Mi piso no está particularmente sucio o desordenado, solo tan desorganizado como el de cualquiera. Y aunque yo me contento con limpiar el polvo o pasar el aspirador de vez en cuando, tengo que admitir que hasta hoy la despensa ha escapado a mi radar.
Saco de debajo del fregadero una botella intacta de algo que llaman «potente pulverizador», que a mi entender suena como algo que esperarías encontrar en una planta de residuos nucleares y no como algo pensado para quitar restos de tomate de los fogones.
Cuando abro la puerta de la despensa, me encuentro una serie de restos de comida que ya debería haber tirado tiempo atrás. Un paquete de mostaza en polvo Bird que se ha roto por la mitad, vinagre de vino blanco que ahora es menos blanco y más bien tiene el color de la orina, un paquete de té Earl Grey suelto que seguramente compré por error al pensar que eran bolsitas.

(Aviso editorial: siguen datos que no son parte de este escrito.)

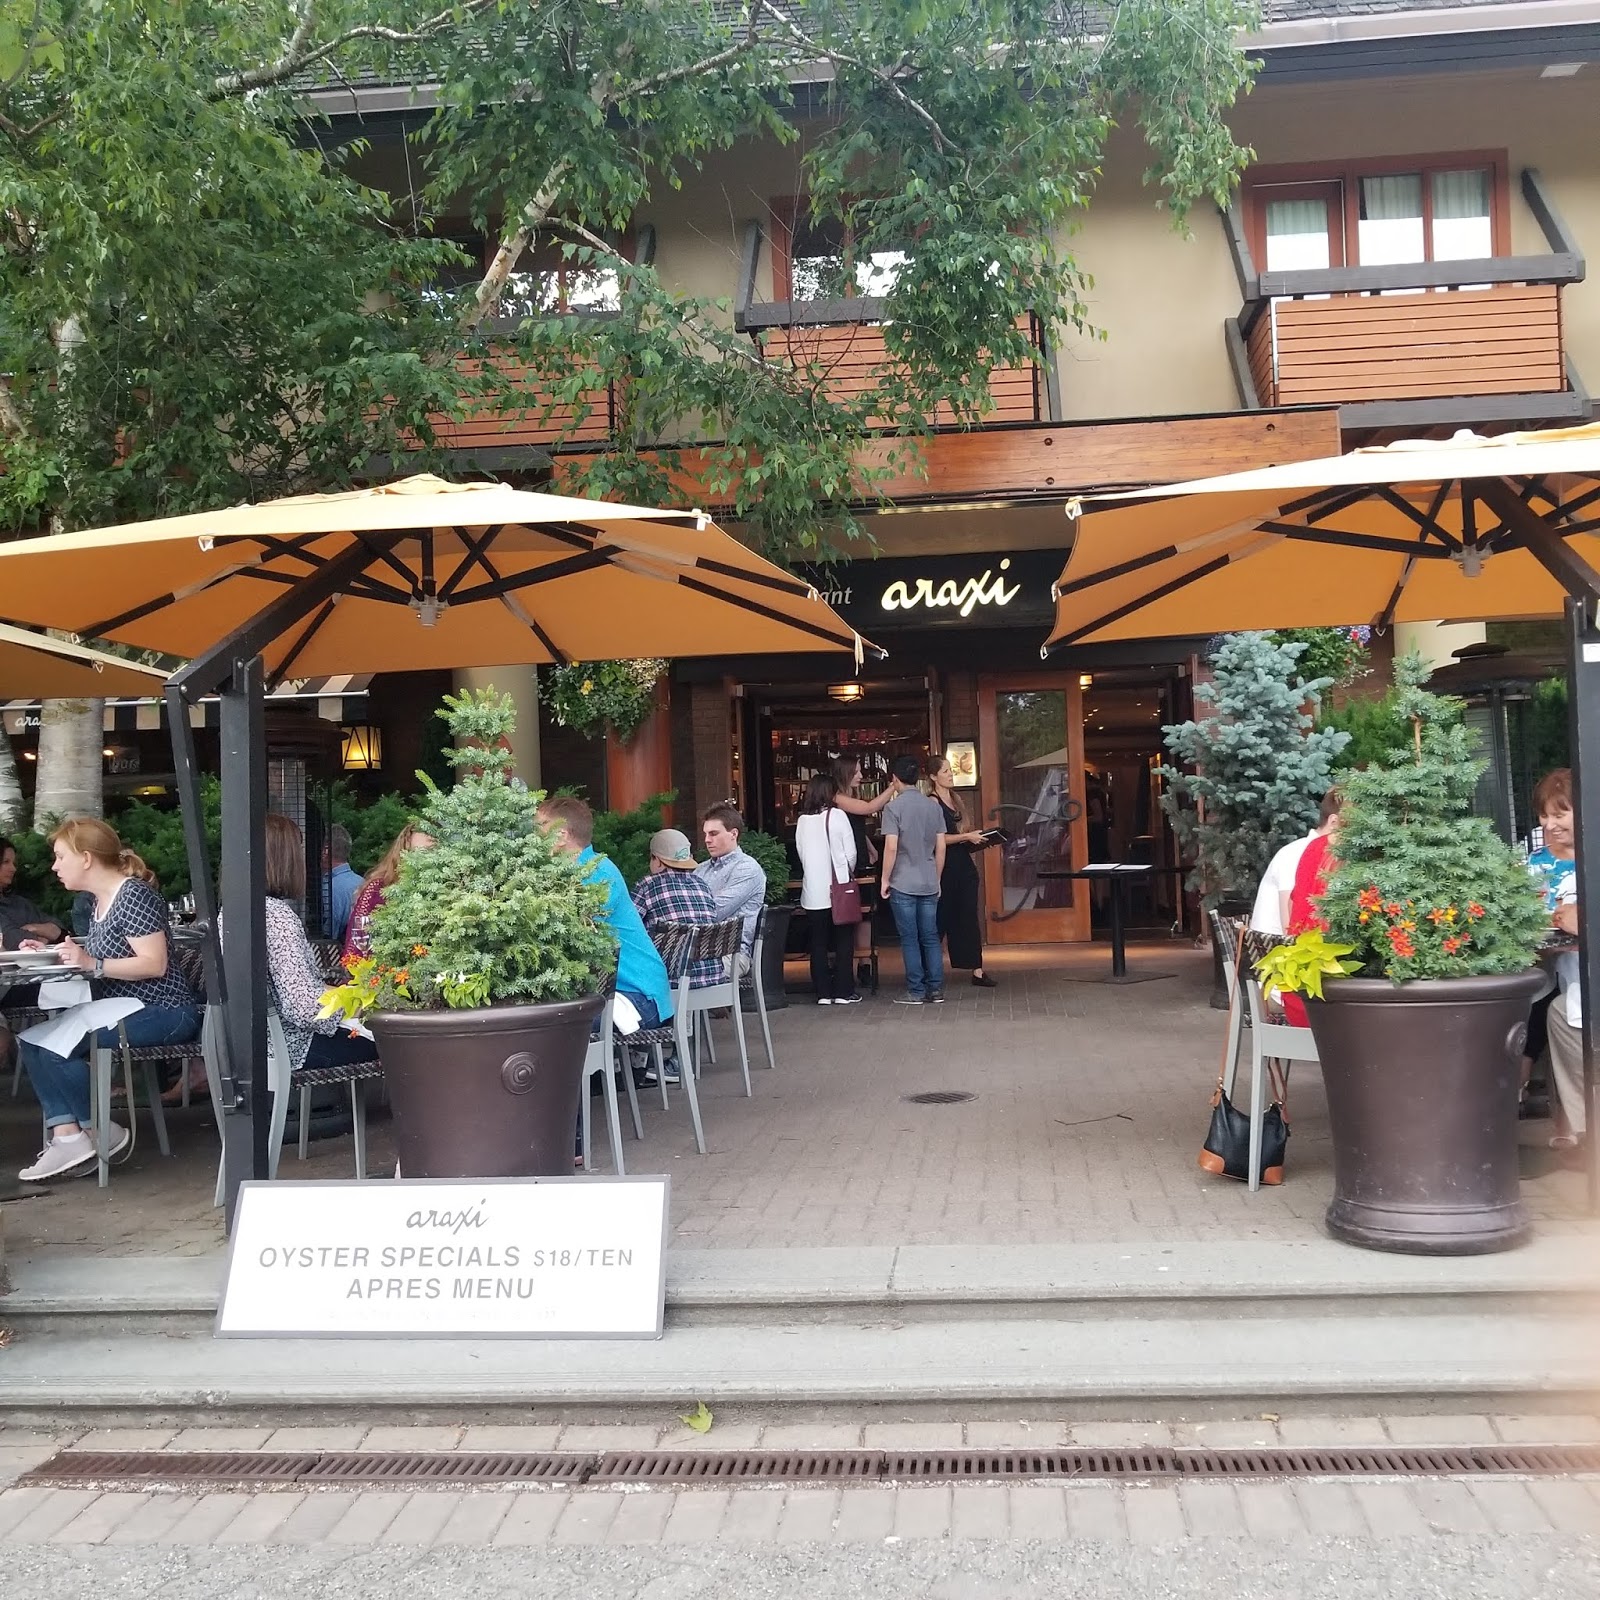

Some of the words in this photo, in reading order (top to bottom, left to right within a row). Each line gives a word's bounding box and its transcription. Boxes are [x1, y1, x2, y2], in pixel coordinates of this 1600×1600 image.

[880, 558, 1021, 618] araxi
[775, 753, 794, 763] bar
[405, 1198, 490, 1236] araxi
[259, 1247, 370, 1268] OYSTER
[380, 1246, 521, 1267] SPECIALS
[345, 1278, 441, 1299] APRES
[452, 1278, 534, 1299] MENU
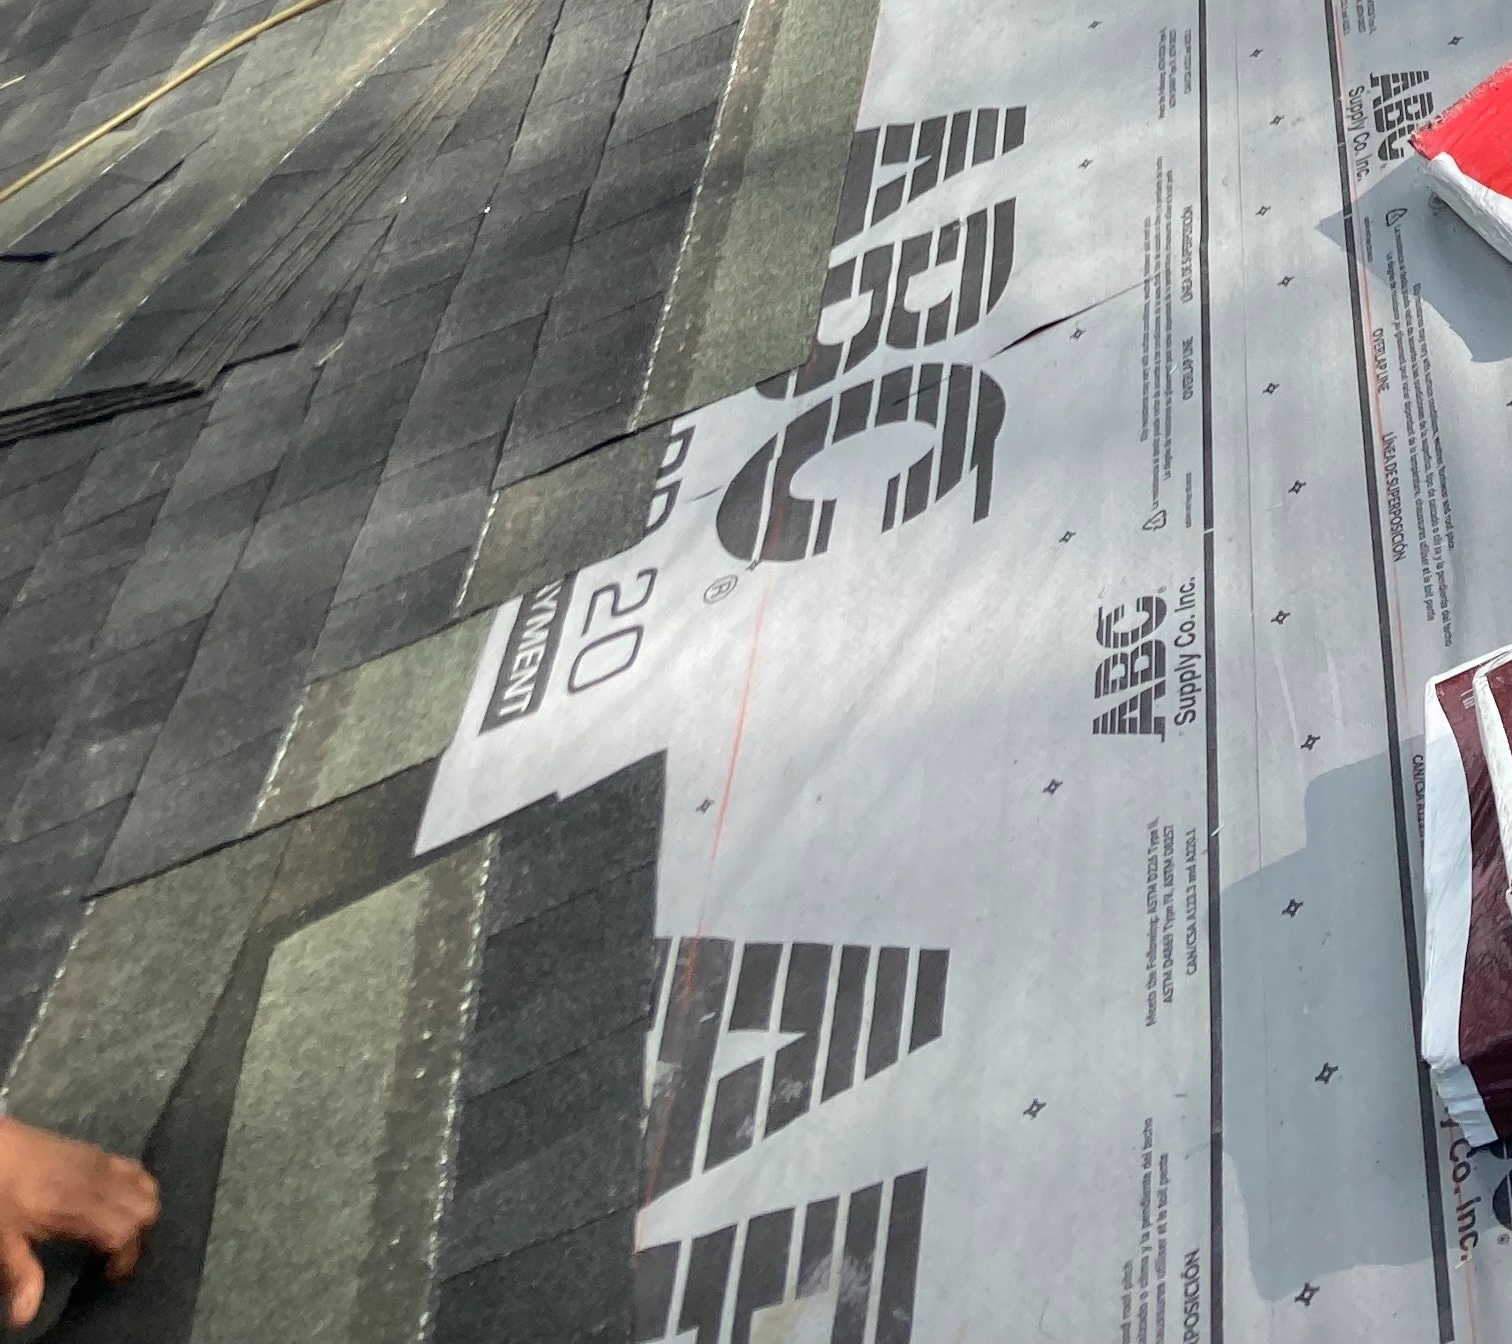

Esta es la despensa olvidada en el tiempo. No me extraña que Jack no quiera llamarme. ¿Quién querría salir con alguien con esa actitud tan marrana con respecto a la limpieza de la casa? Deprimida por esa idea, vuelvo a mirar el móvil, por si se ha puesto en modo silencioso sin que yo me haya dado cuenta. Por desgracia, la pantalla de mi móvil no quiere seguirme la corriente. Abro la lista de contactos, busco el nombre de Grace y aprieto llamar.
—¿Qué ocurre? —pregunta cuando descuelga.
—¿Puedes hacerme un favor?
—Claro. ¿De qué se trata?
—¿Puedes llamarme al móvil?
—¿Por qué? —pregunta.
—Esto... porque lo he perdido y pensaba que podría estar debajo de un cojín o algo así.
—Pero si lo estás usando para llamarme —dice—. He visto el número.
—Ah —digo, consciente de que me han pillado con las manos en la masa—. Mira, Jack no me ha llamado aún y quiero descartar hasta la más mínima posibilidad de que le pase algo a mi teléfono antes de cortarme las venas.
—No seas tan dramática —dice—. Ahora lo hago. Y cálmate, por el amor de Dios.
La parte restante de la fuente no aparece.